Population prevalence of psychiatric disorders in Chile: 6-month and 1-month rates
- Authors:
- VINCENTE Benjamin, et al
- Journal article citation:
- British Journal of Psychiatry, 184(4), April 2004, pp.299-305.
- Publisher:
- Cambridge University Press
The Composite International Diagnostic Interview was administered to a stratified random sample of 2978 individuals from four provinces representative of the country’s population. Six-month and 1-month prevalence rates were estimated. Demographic correlates, comorbidity and service use were examined. Nearly a fifth of the Chilean population had had a psychiatric disorder during the preceding 6 months. The 6-month and 1-month prevalence rates were 19.7% and 16.7% respectively. For the 6-month prevalence the five most common disorders were simple phobia, social phobia, agoraphobia, major depressive disorder and alcohol dependence. Less than 30% of those with any psychiatric diagnosis had a comorbid psychiatric disorder and the majority of them had sought treatment from mental health services. Current prevalence studies are useful indicators of service needs. People with comorbid psychiatric conditions have high rates of service use. The low rate of comorbidity in Chile merits further study.

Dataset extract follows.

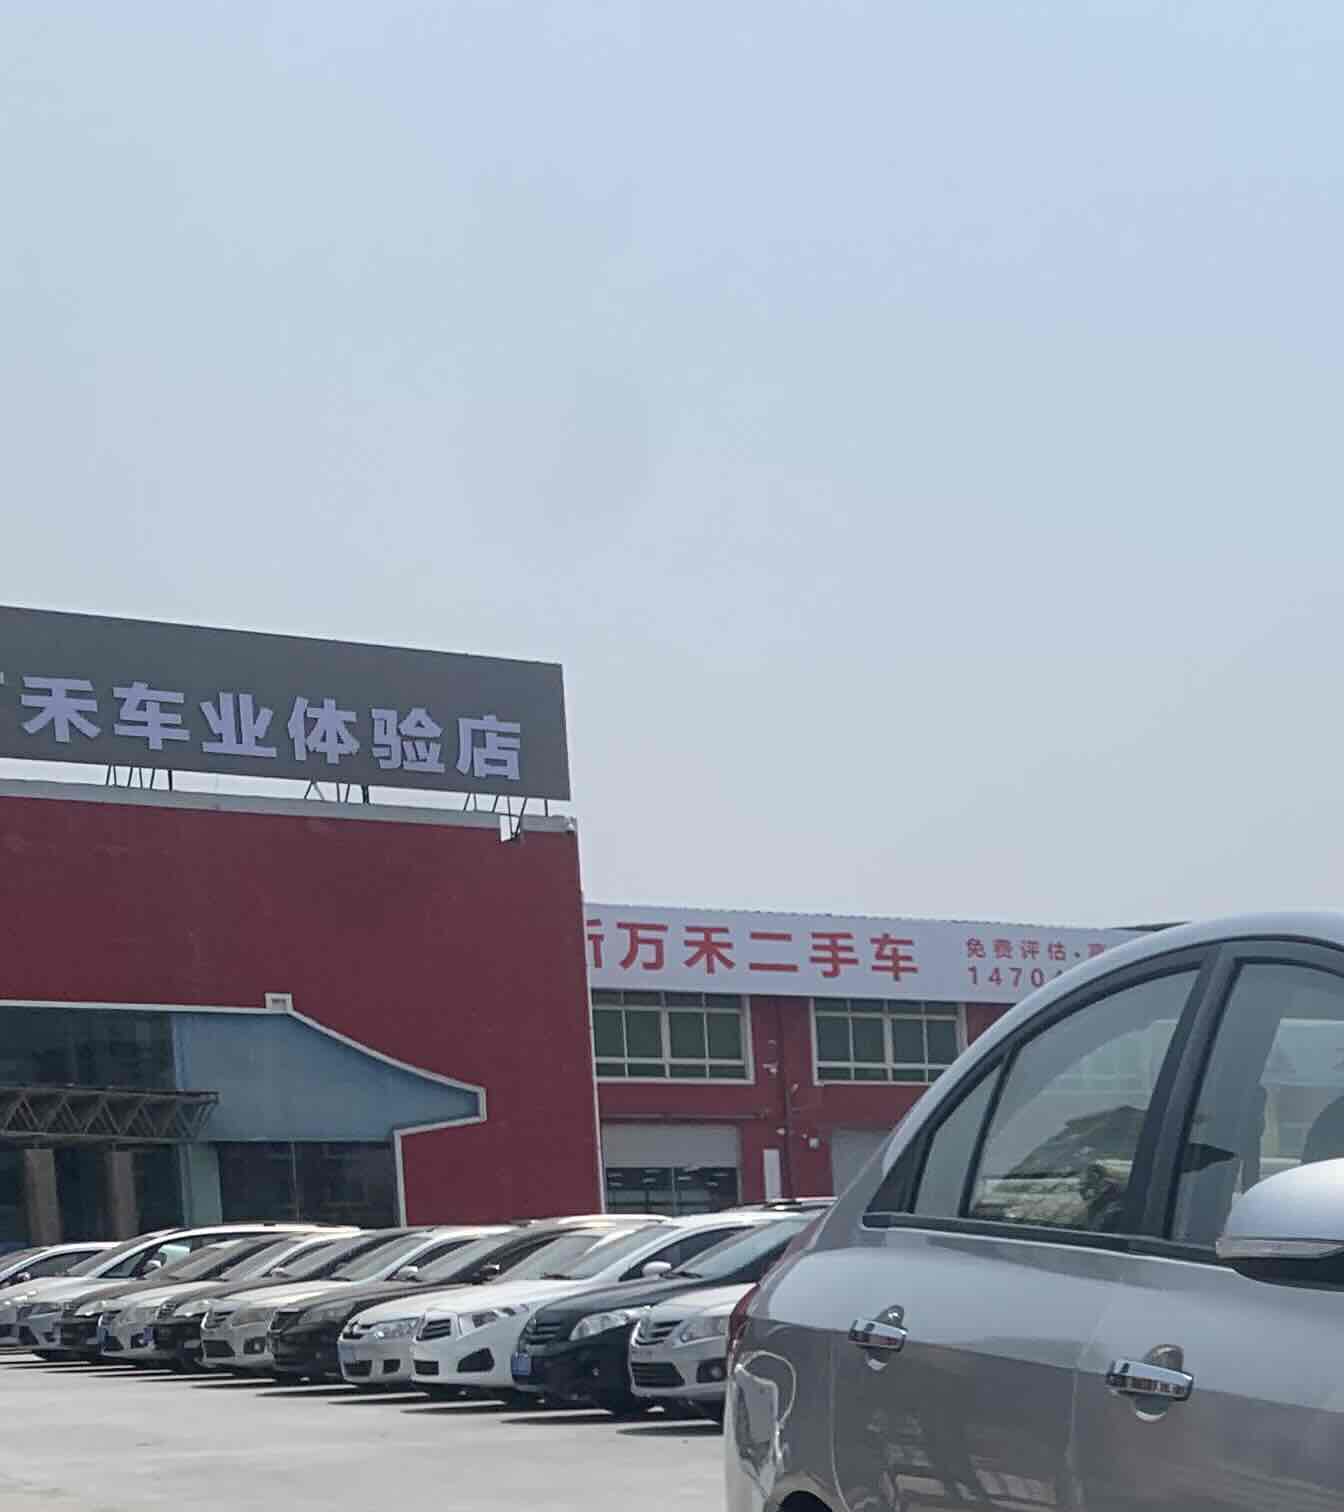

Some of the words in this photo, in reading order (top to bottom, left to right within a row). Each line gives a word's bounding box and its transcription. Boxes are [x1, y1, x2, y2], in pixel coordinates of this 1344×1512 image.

[0, 671, 521, 781] 禾车业体验店
[967, 965, 1063, 989] 1470

Mental health survey of the adult population in Iran
- Authors:
- NOORBALA A. A., et al
- Journal article citation:
- British Journal of Psychiatry, 184(1), January 2004, pp.70-73.
- Publisher:
- Cambridge University Press
No national data on the prevalence of mental disorders are available in Iran. Such information may be a prerequisite for efficient national mental health intervention. Through random cluster sampling, 35 014 individuals were selected and evaluated using the 28-item version of the General Health Questionnaire. A complementary semi-structured clinical interview was also undertaken to detect learning disability ('mental retardation'), epilepsy and psychosis. About a fifth of the people in the study (25.9% of the women and 14.9% of the men) were detected as likely cases. The prevalence of mental disorders was 21.3% in rural areas and 20.9% in urban areas. Depression and anxiety symptoms were more prevalent than somatisation and social dysfunction. The interview of families by general practitioners revealed that the rates of learning disability, epilepsy and psychosis were 1.4%, 1.2% and 0.6%, respectively. Prevalence increased with age and was higher in the married, widowed, divorced, unemployed and retired people. Prevalence rates are comparable with international studies. There is a wide regional difference in the country, and women are at greater risk.